◆ The problem ◆
Return the entire listing, character for character.

◆ Input for this task ◆
#####

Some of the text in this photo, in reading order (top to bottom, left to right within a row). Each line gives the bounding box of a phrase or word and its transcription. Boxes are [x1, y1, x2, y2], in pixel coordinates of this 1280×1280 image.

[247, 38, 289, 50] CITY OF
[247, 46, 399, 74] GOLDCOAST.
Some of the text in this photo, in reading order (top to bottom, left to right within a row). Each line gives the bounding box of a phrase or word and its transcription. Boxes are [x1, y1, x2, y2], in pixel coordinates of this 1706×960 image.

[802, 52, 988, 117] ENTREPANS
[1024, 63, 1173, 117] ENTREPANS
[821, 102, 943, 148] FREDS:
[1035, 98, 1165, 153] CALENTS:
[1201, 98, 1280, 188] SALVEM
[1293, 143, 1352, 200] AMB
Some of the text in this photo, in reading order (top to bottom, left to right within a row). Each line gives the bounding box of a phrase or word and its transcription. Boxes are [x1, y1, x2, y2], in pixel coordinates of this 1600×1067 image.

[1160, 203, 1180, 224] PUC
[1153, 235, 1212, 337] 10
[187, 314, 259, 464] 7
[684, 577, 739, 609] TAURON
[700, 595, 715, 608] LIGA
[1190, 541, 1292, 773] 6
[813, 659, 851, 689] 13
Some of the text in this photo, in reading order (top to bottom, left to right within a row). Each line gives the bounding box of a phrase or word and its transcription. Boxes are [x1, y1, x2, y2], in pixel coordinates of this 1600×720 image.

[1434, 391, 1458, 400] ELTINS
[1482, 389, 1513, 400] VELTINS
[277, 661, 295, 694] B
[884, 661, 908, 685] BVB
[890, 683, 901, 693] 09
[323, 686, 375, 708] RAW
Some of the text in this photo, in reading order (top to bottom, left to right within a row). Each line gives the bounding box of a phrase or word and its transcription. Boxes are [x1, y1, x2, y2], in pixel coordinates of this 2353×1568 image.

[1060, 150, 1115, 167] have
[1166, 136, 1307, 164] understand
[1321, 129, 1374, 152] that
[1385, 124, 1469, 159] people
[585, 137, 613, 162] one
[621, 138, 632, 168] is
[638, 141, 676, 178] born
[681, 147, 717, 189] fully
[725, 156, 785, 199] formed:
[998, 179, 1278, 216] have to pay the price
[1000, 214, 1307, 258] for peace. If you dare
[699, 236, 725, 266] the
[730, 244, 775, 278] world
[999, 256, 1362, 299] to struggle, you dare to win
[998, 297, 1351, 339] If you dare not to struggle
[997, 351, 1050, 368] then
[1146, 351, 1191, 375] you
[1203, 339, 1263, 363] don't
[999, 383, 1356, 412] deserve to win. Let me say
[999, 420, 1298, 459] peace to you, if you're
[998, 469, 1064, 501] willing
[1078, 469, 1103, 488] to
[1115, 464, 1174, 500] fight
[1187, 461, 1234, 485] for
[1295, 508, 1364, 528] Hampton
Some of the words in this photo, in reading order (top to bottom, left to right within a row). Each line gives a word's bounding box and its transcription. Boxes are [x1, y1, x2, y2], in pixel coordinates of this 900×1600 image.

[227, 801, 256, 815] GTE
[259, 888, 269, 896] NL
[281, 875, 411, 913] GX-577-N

#####

◆ Answer section ◆
Some of the text in this photo, in reading order (top to bottom, left to right within a row). Each line gives the bounding box of a phrase or word and its transcription. Boxes are [x1, y1, x2, y2], in pixel coordinates of this 1280×1280 image.

[247, 38, 289, 50] CITY OF
[247, 46, 399, 74] GOLDCOAST.
Some of the text in this photo, in reading order (top to bottom, left to right within a row). Each line gives the bounding box of a phrase or word and its transcription. Boxes are [x1, y1, x2, y2], in pixel coordinates of this 1706×960 image.

[802, 52, 988, 117] ENTREPANS
[1024, 63, 1173, 117] ENTREPANS
[821, 102, 943, 148] FREDS:
[1035, 98, 1165, 153] CALENTS:
[1201, 98, 1280, 188] SALVEM
[1293, 143, 1352, 200] AMB
Some of the text in this photo, in reading order (top to bottom, left to right within a row). Each line gives the bounding box of a phrase or word and its transcription. Boxes are [x1, y1, x2, y2], in pixel coordinates of this 1600×1067 image.

[1160, 203, 1180, 224] PUC
[1153, 235, 1212, 337] 10
[187, 314, 259, 464] 7
[684, 577, 739, 609] TAURON
[700, 595, 715, 608] LIGA
[1190, 541, 1292, 773] 6
[813, 659, 851, 689] 13
Some of the text in this photo, in reading order (top to bottom, left to right within a row). Each line gives the bounding box of a phrase or word and its transcription. Boxes are [x1, y1, x2, y2], in pixel coordinates of this 1600×720 image.

[1434, 391, 1458, 400] ELTINS
[1482, 389, 1513, 400] VELTINS
[277, 661, 295, 694] B
[884, 661, 908, 685] BVB
[890, 683, 901, 693] 09
[323, 686, 375, 708] RAW
Some of the text in this photo, in reading order (top to bottom, left to right within a row). Each line gives the bounding box of a phrase or word and its transcription. Boxes are [x1, y1, x2, y2], in pixel coordinates of this 2353×1568 image.

[1060, 150, 1115, 167] have
[1166, 136, 1307, 164] understand
[1321, 129, 1374, 152] that
[1385, 124, 1469, 159] people
[585, 137, 613, 162] one
[621, 138, 632, 168] is
[638, 141, 676, 178] born
[681, 147, 717, 189] fully
[725, 156, 785, 199] formed:
[998, 179, 1278, 216] have to pay the price
[1000, 214, 1307, 258] for peace. If you dare
[699, 236, 725, 266] the
[730, 244, 775, 278] world
[999, 256, 1362, 299] to struggle, you dare to win
[998, 297, 1351, 339] If you dare not to struggle
[997, 351, 1050, 368] then
[1146, 351, 1191, 375] you
[1203, 339, 1263, 363] don't
[999, 383, 1356, 412] deserve to win. Let me say
[999, 420, 1298, 459] peace to you, if you're
[998, 469, 1064, 501] willing
[1078, 469, 1103, 488] to
[1115, 464, 1174, 500] fight
[1187, 461, 1234, 485] for
[1295, 508, 1364, 528] Hampton
Some of the words in this photo, in reading order (top to bottom, left to right within a row). Each line gives a word's bounding box and its transcription. Boxes are [x1, y1, x2, y2], in pixel coordinates of this 900×1600 image.

[227, 801, 256, 815] GTE
[259, 888, 269, 896] NL
[281, 875, 411, 913] GX-577-N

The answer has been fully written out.